Victims of the Exxon Valdez. Photo: Wikipedia
A Toxic Legacy: Don't Forget, We Need to Prevent the Next One
Naomi Lubick of Nature has a great piece about the Exxon Valdez oil spill. She looks back at what actually happened on March 24th, 1989, and then looks at the implications: Impact on ecosystems then and now, what was done to clean it, how long for oil to disappear, did anything good come out of this disaster, what about people living in Alaska?

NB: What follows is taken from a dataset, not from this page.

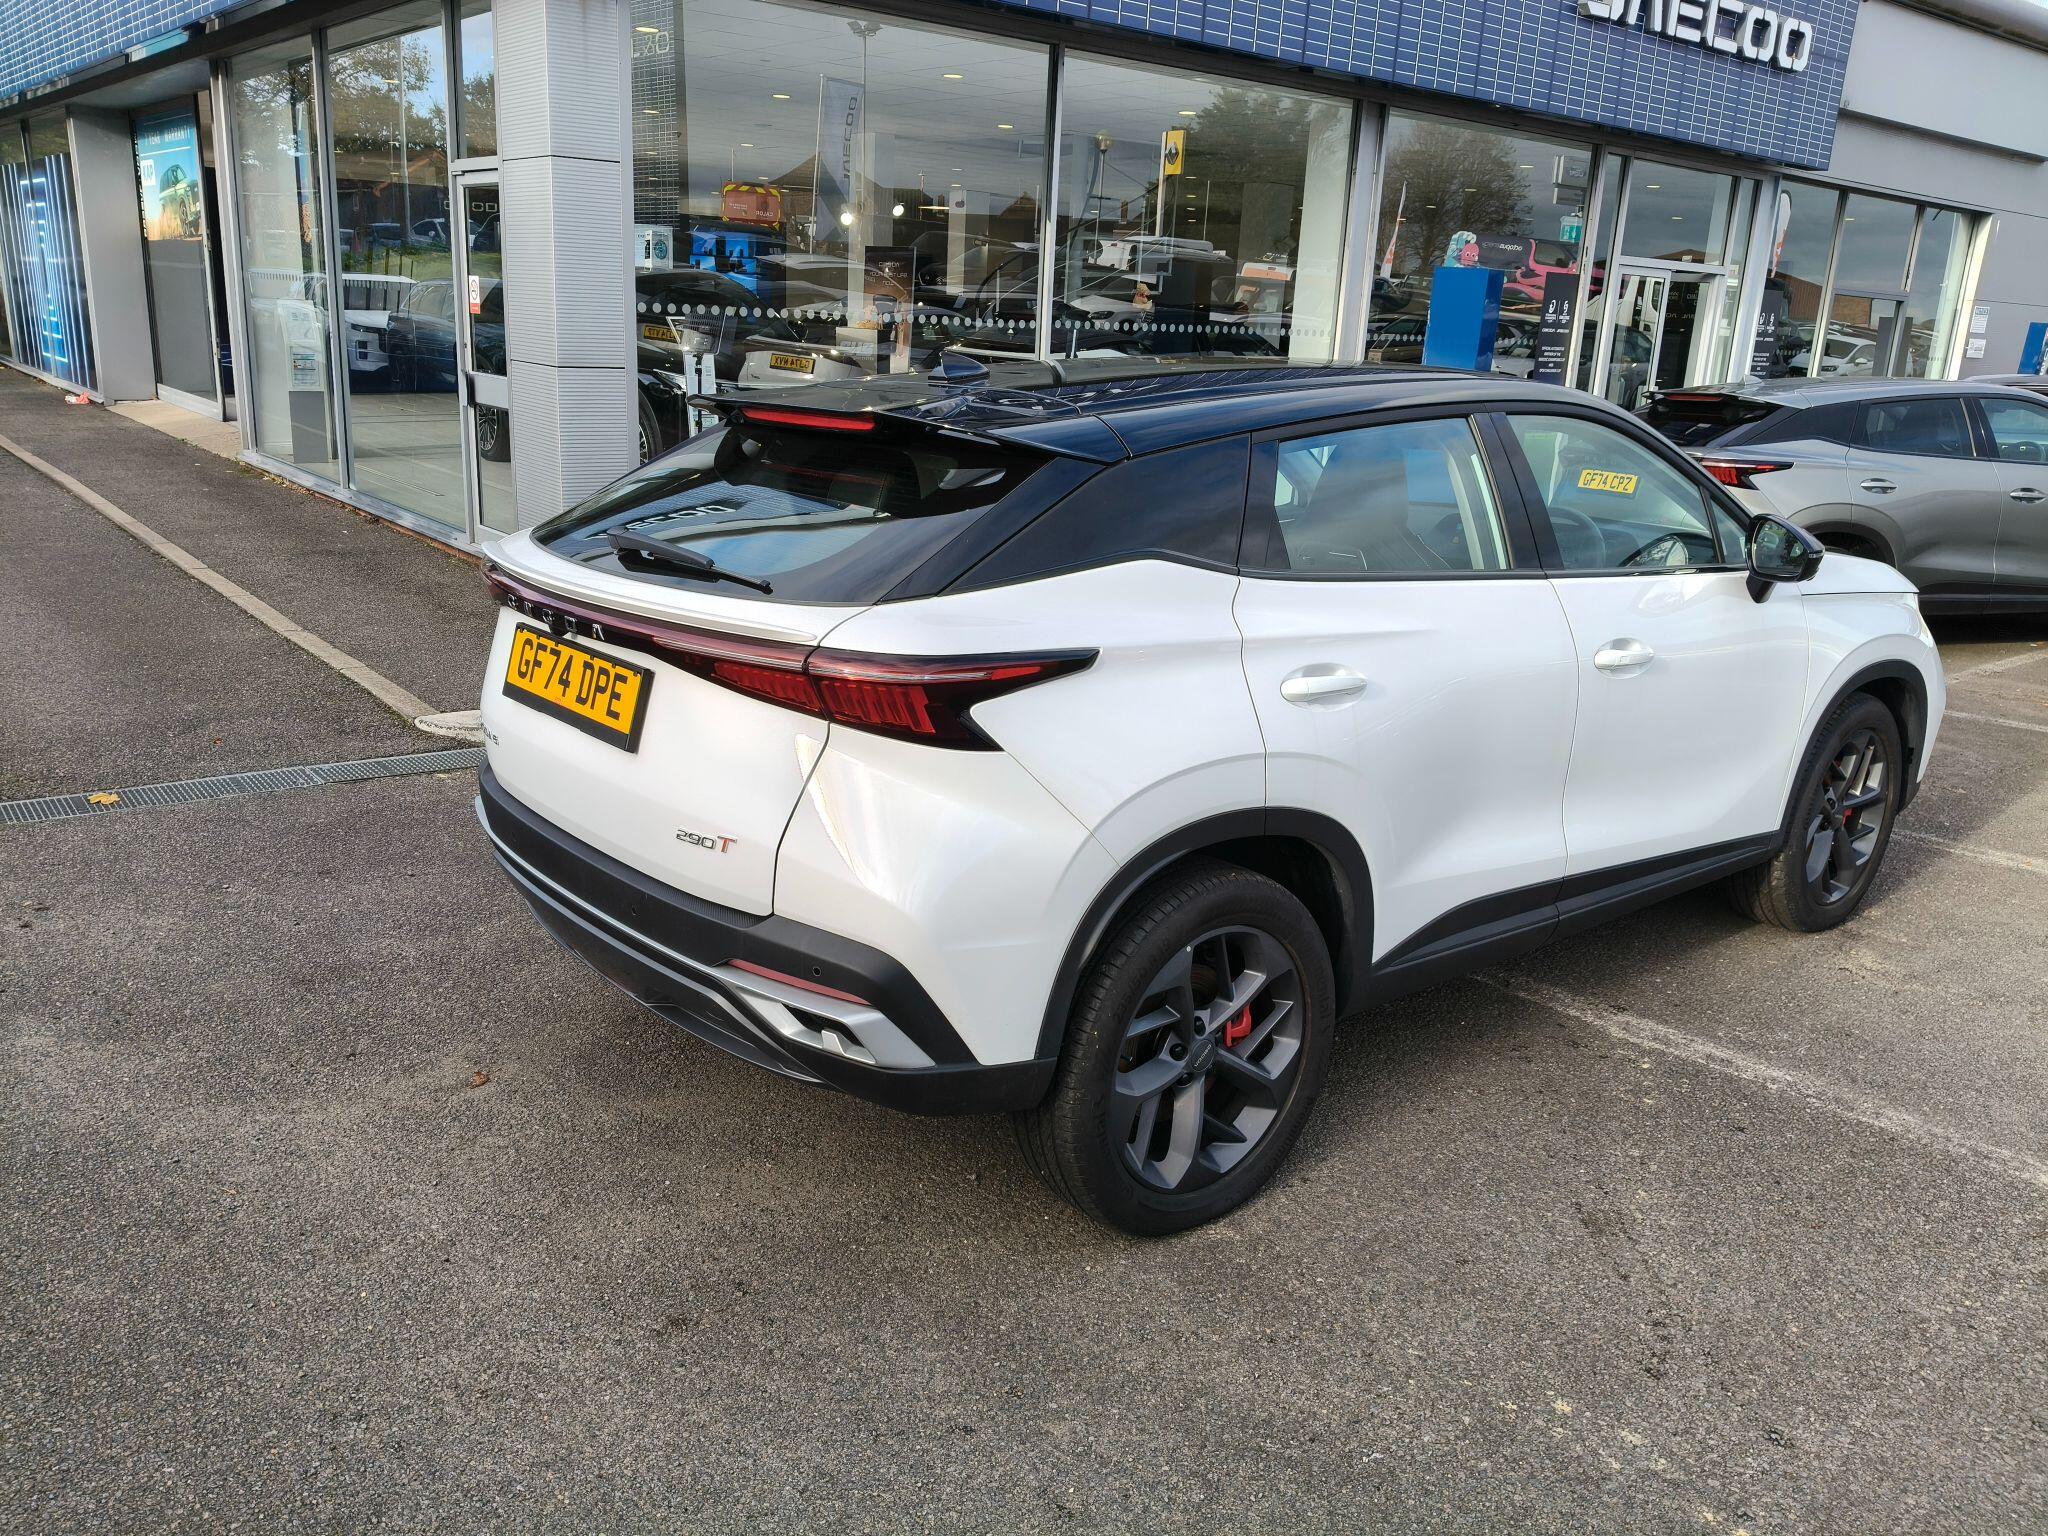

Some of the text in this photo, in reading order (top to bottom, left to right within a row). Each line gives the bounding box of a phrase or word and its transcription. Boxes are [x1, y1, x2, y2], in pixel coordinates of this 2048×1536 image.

Cleaning up. Photo: Public Domain
You can read the whole thing here, but here's a highlight:
Ten years after the spill, ecologists estimated that between 100,000 and 700,000 birds had died because of oil exposure, based on an extrapolation of the number of oiled carcasses collected on beaches and from the water. While many species are now back up to pre-spill levels, or are recovering well, two have not recovered at all: pigeon guillemots and Pacific herring.
On 31 December 2008, the Exxon Valdez Oil Spill Trustee Council submitted a recovery plan for the herring, an economically important fish in the region. But some argue that the oil spill may not have been responsible for the demise of the herring fishery. Overfishing or other ecosystem shifts, such as an increase in disease or decline in available food sources for the fish, may have contributed.